Appel à textes Vidéo: Xavier Garnerin entre Heidegger et Heineken.

Publié le par magali duru



Vous redémarrez, tournez gauche droite dans des rues, puis vous garez votre voiture devant une barre d’immeuble aussi récente que vétuste et que bon nombre de tags paisibles, car ne rêvant socialement ni géographiquement d’aucun ailleurs, ont à cœur d’identifier comme une authentique grosse merde. Vous appréciez toutefois qu’ils parachèvent ainsi l’ouvrage. Vous bloquez le volant de votre voiture avec une solide barre de métal précédemment soustraite au supermarché du coin. Voler pour qu’on ne vous vole pas… Là, c’est jusqu’à la logique qui vous écœure, là, il y a presque à vos yeux la nécessité d’une larme.

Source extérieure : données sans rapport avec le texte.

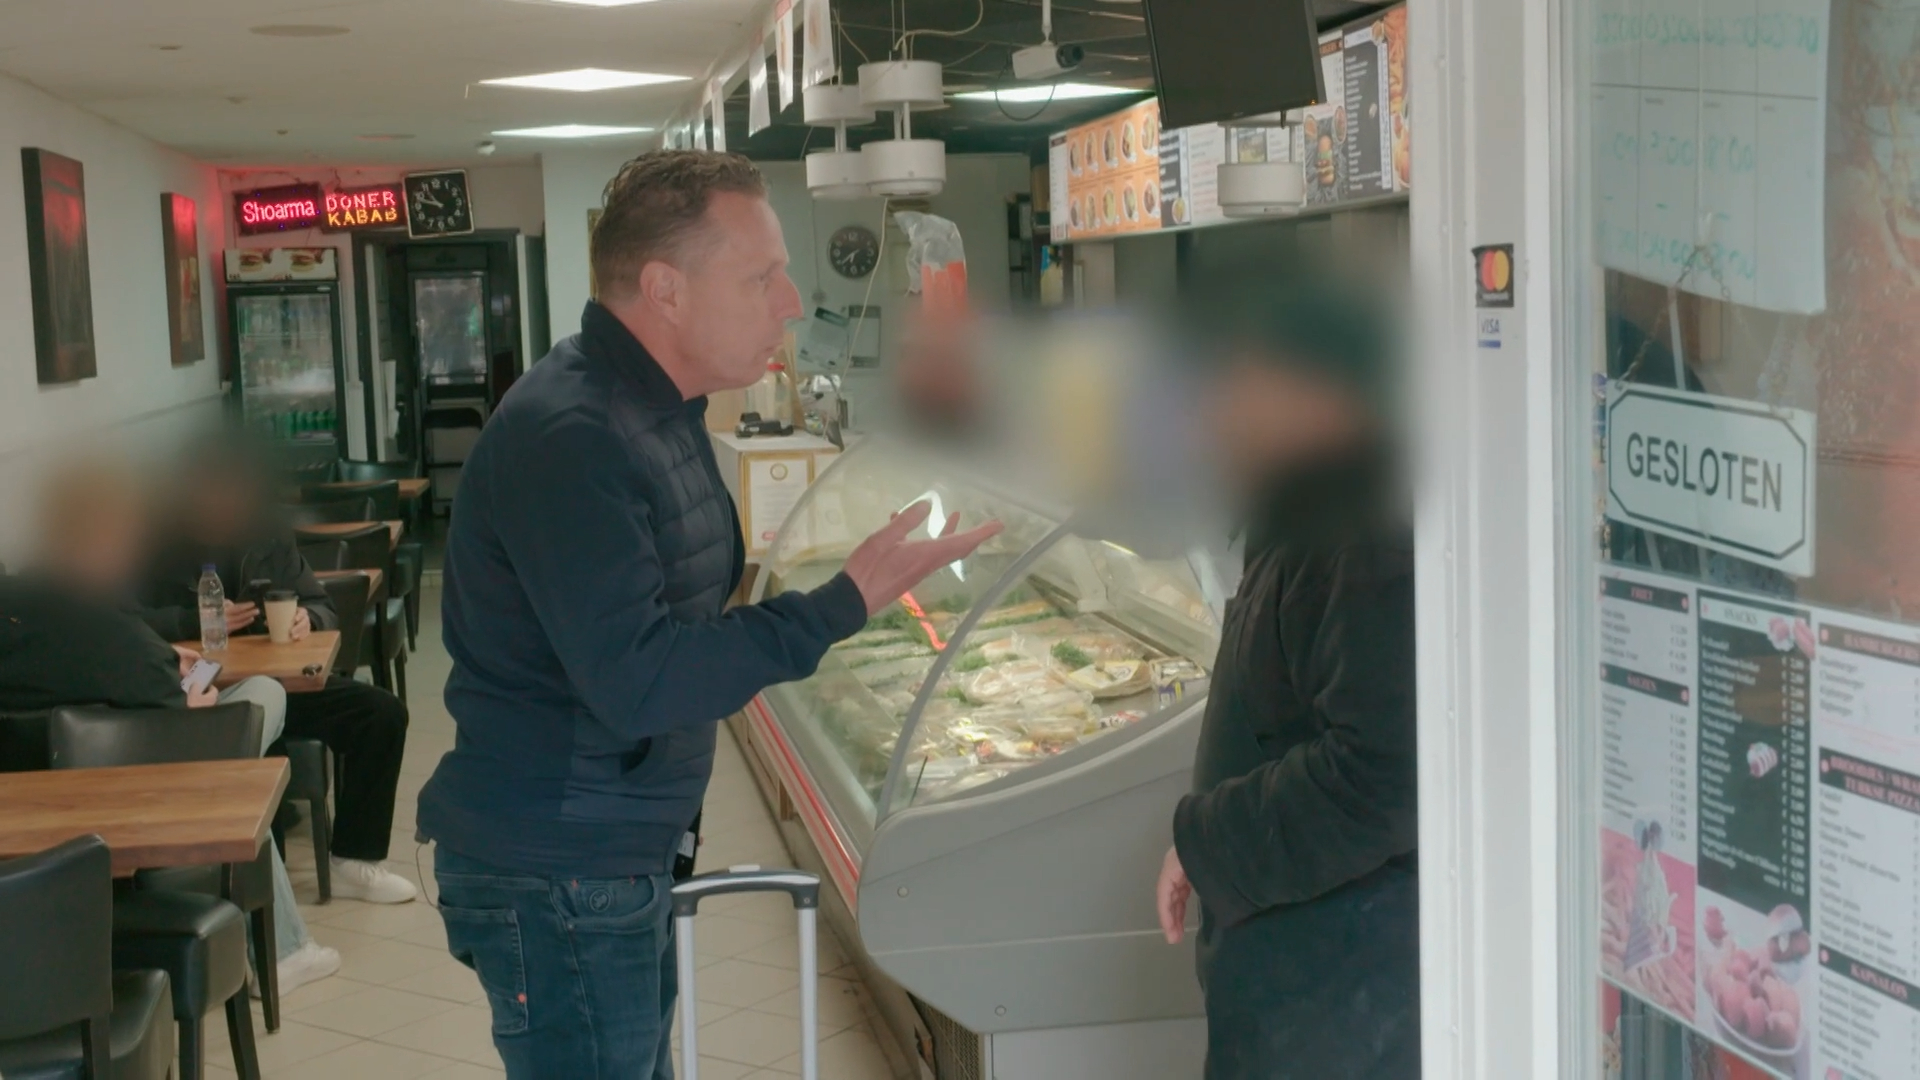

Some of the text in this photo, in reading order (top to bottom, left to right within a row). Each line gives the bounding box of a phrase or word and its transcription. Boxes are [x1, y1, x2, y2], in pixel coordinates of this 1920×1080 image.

[243, 200, 316, 223] Shoarma
[327, 207, 398, 228] KABAB
[1481, 318, 1500, 334] VISA
[1626, 431, 1782, 513] GESLOTEN

Vous mettez écologiquement à la poubelle la Martinique à 600 € huit jours sept nuits et la quatrième pizza gratuite pour trois qu’on commande. Un truc pour une assurance décès également. Vous en profitez pour récupérer la promo pour la pizza, on ne sait jamais, un jour, vous pourriez vivre dans le luxe. Vous remontez dans la solitude des escaliers jusqu’à votre appartement, en refermez la porte au nez du couloir vide et ceignez le portemanteau de votre cache-col sans quitter votre imper.

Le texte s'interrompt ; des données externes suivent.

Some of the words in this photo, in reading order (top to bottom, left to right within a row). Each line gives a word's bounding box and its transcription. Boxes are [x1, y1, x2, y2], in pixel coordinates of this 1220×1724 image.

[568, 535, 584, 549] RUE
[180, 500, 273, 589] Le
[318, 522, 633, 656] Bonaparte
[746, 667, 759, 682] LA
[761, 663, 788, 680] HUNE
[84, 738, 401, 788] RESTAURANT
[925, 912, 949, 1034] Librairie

Vous avancez, sans même chercher à vous frayer un chemin, parmi les boîtes de bière à la dénomination vaguement germanique qui jonchent le sol en provenance du hard-discount du coin, lesquelles émettent parfois d’inaudibles plaintes consécutives à la mise en mouvement de leurs vides. L’une d’elles toutefois, son opercule arrivant au terme de sa rotation en position basse, en profite pour déposer sur le lino un petit pissoulis brunâtre.

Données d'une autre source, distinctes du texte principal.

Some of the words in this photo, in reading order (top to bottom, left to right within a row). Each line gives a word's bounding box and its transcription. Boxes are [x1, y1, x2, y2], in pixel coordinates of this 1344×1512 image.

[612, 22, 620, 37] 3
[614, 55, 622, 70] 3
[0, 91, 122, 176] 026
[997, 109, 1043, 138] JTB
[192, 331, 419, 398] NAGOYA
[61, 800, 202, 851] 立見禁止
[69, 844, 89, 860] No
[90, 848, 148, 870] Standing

Vous circulez dans ce territoire qui vous est propre avec d’autant moins d’attention que vous en connaissez le néant, le papier peint déchu comme la commode branlante et tout ce reste à vau-l’eau dont le seul usage réel que vous pouvez en faire – avec en ligne de mire quelque chose de l’ordre du salut – est de vous savoir n’en pas être propriétaire. Vous habitez chez vous à la manière de qui a jugé que, face à l’universel, être plus ou moins responsable de quelques mètres carrés de néant représente la seule contribution que vous puissiez, raisonnablement et compte tenu de vos forces, apporter à la pérennisation de la bérézina totale, que vous vivez d’ailleurs dans la douleur sereine du compromis, vous demandant souvent s’il ne serait pas possible d’en faire encore moins, histoire de faire comprendre à l’existence que même les mauvaises blagues ont une fin, et que si vous décidiez un jour de l’infime voire de ne plus être, elle aurait bonne mine, l’existence, toute seule comme ça et comme une conne. Aussi votre façon d’investir les lieux n’a-elle de cesse que de rappeler à celle-ci que le Da Sein ne tient qu’à un fil, aussi vous paraît-il que l’existence frémit toujours dès que vous ouvrez la porte rarement fermée de votre frigo pas branché mais sur laquelle vous avez pris soin d’écrire « Heidegger n’est qu’une pute », et laquelle donne, selon les aléas de la situation, soit sur Heineken soit sur rien. Quant à l’armoire récupérée chez votre grand-mère, elle a surtout pour utilité d’expliquer qu’Hegel n’était qu’un disert qui confondait penser avec la manie de ses traducteurs de mettre à chacun de ses substantifs une majuscule. C’est mieux dit sur l’armoire, en tout cas avec plus de concision. À la lecture de votre appartement, d’ailleurs, les putes ne s’imaginent pas à quel point vous avez ici convoqué tant de penseurs profonds pour faire partie de leur cohorte.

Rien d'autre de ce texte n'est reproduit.